### Instructions for the task
Leave the images behind and copy every record exactly.

### Records to process
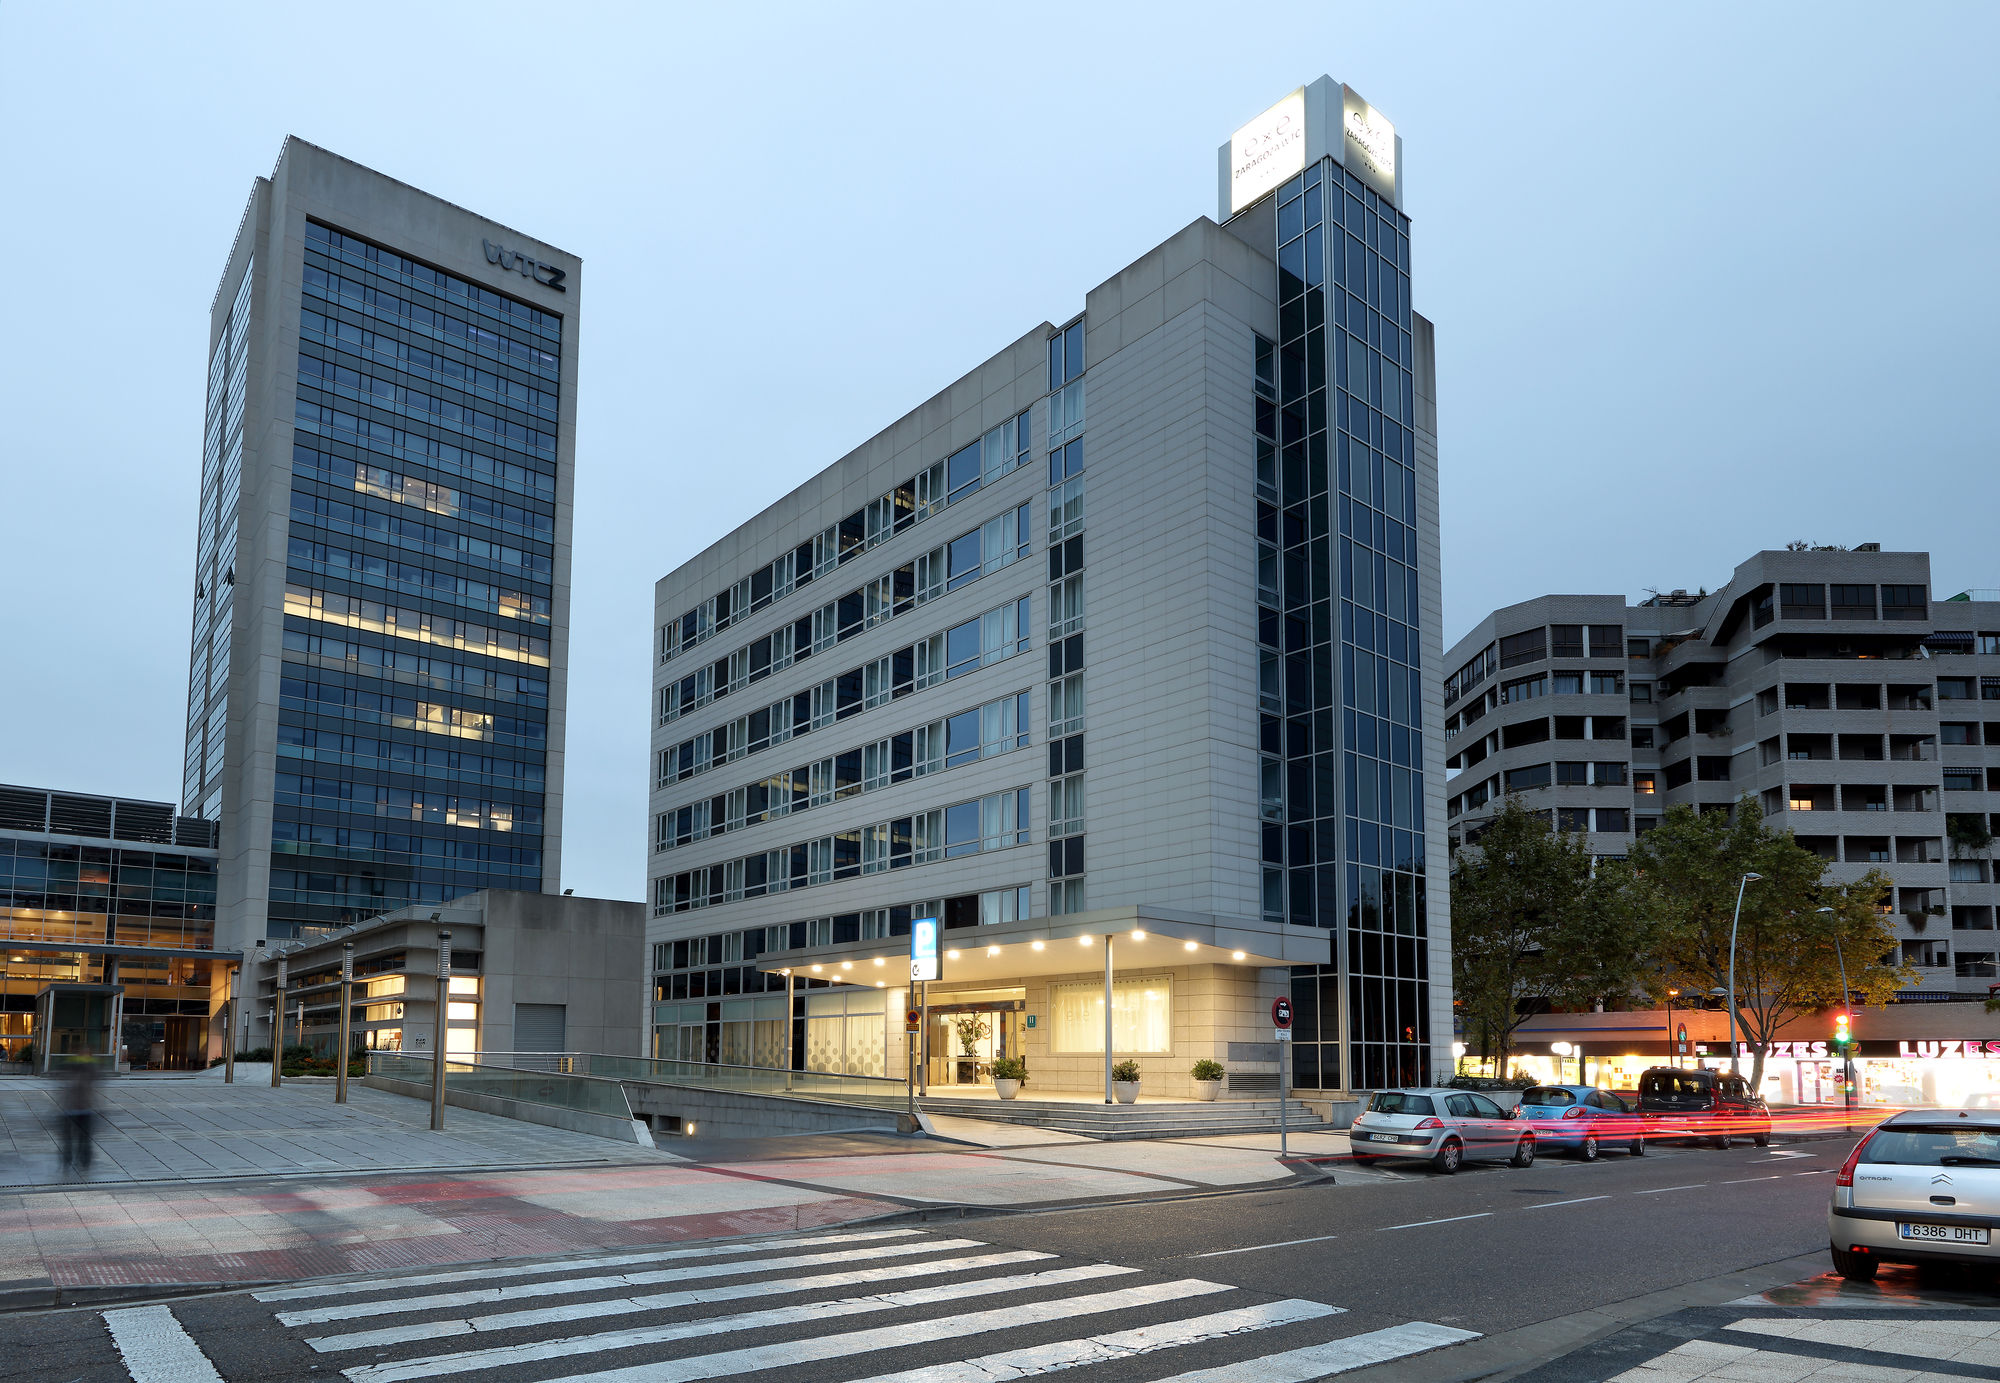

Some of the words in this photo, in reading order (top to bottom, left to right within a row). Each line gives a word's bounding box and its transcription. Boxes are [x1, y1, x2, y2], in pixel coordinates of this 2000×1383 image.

[915, 922, 935, 957] P
[1899, 1041, 2000, 1058] LUZES
[1912, 1225, 1947, 1238] 6386
[1954, 1227, 1980, 1240] DHT
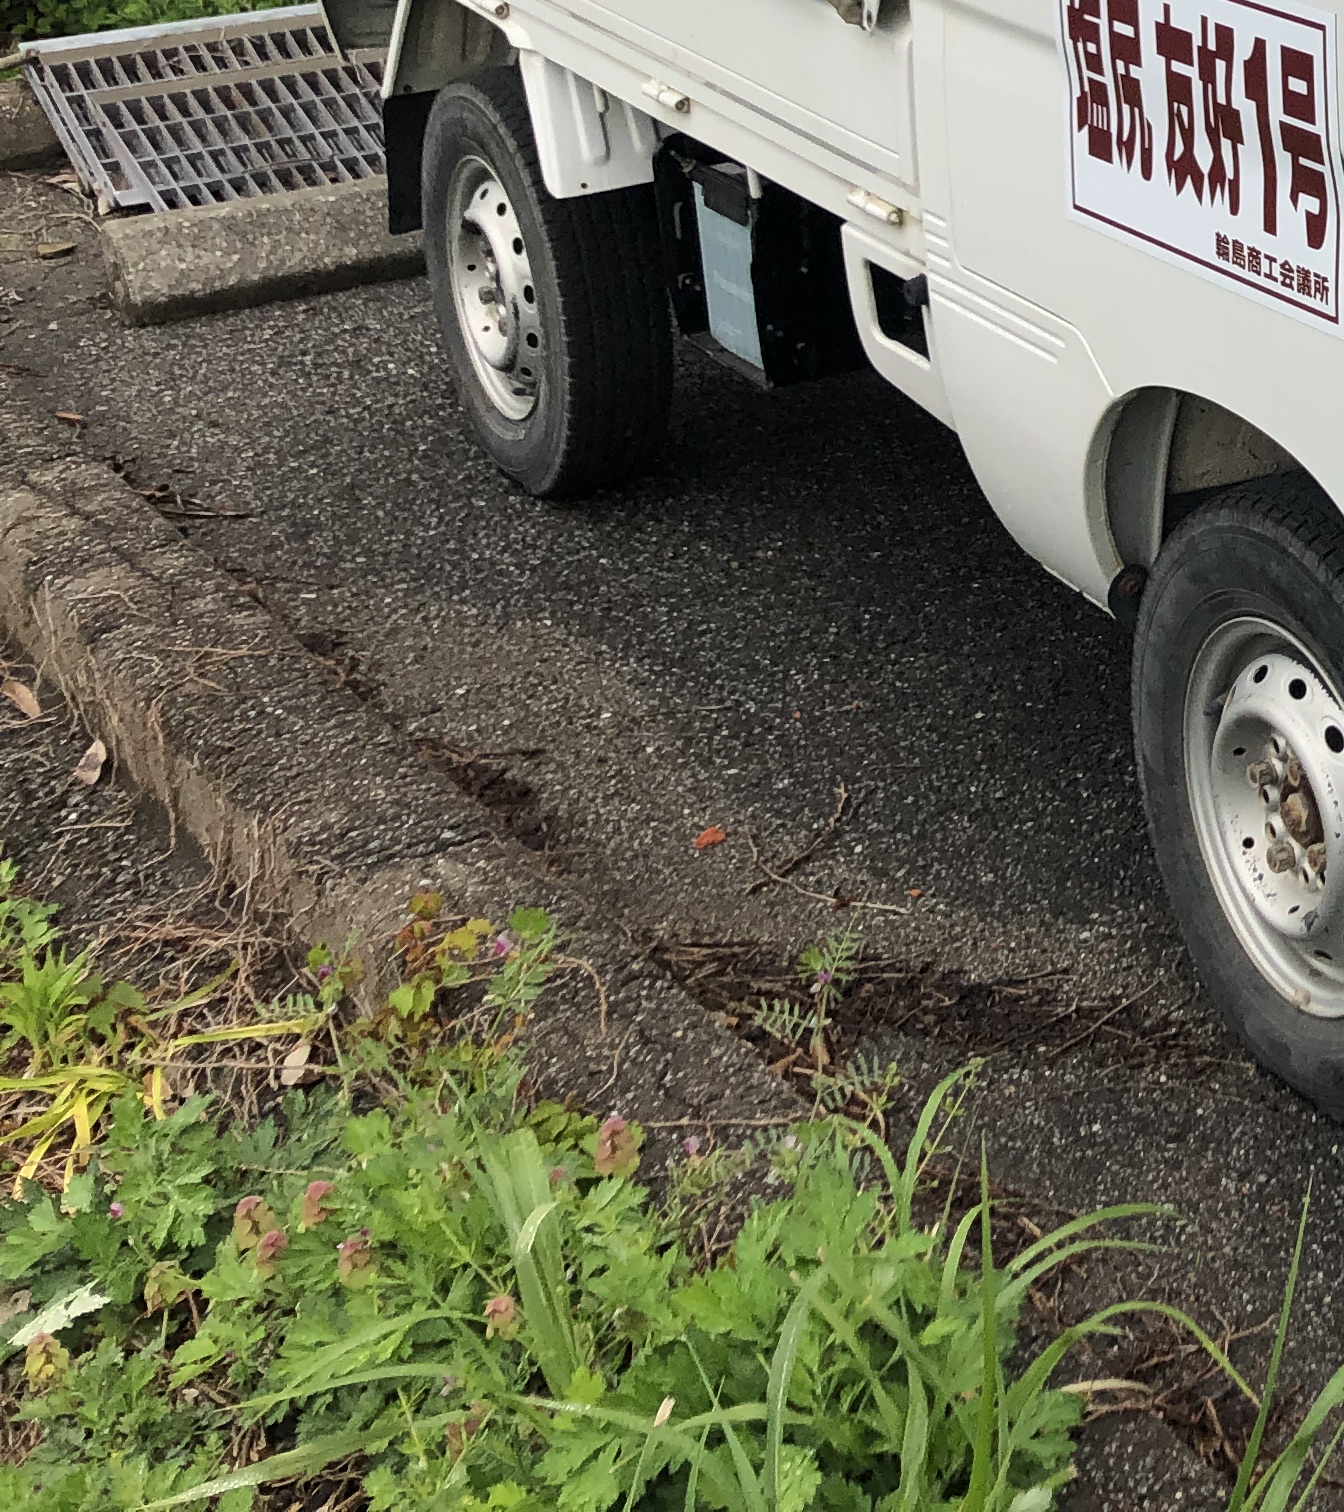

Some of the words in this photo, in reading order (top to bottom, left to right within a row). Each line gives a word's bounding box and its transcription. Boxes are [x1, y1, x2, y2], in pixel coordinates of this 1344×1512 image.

[1215, 231, 1330, 306] 輪島商工会議所

### Answer
Some of the words in this photo, in reading order (top to bottom, left to right within a row). Each line gives a word's bounding box and its transcription. Boxes are [x1, y1, x2, y2], in pixel coordinates of this 2000×1383 image.

[915, 922, 935, 957] P
[1899, 1041, 2000, 1058] LUZES
[1912, 1225, 1947, 1238] 6386
[1954, 1227, 1980, 1240] DHT

Some of the words in this photo, in reading order (top to bottom, left to right within a row). Each line gives a word's bounding box and its transcription. Boxes are [x1, y1, x2, y2], in pixel coordinates of this 1344×1512 image.

[1215, 231, 1330, 306] 輪島商工会議所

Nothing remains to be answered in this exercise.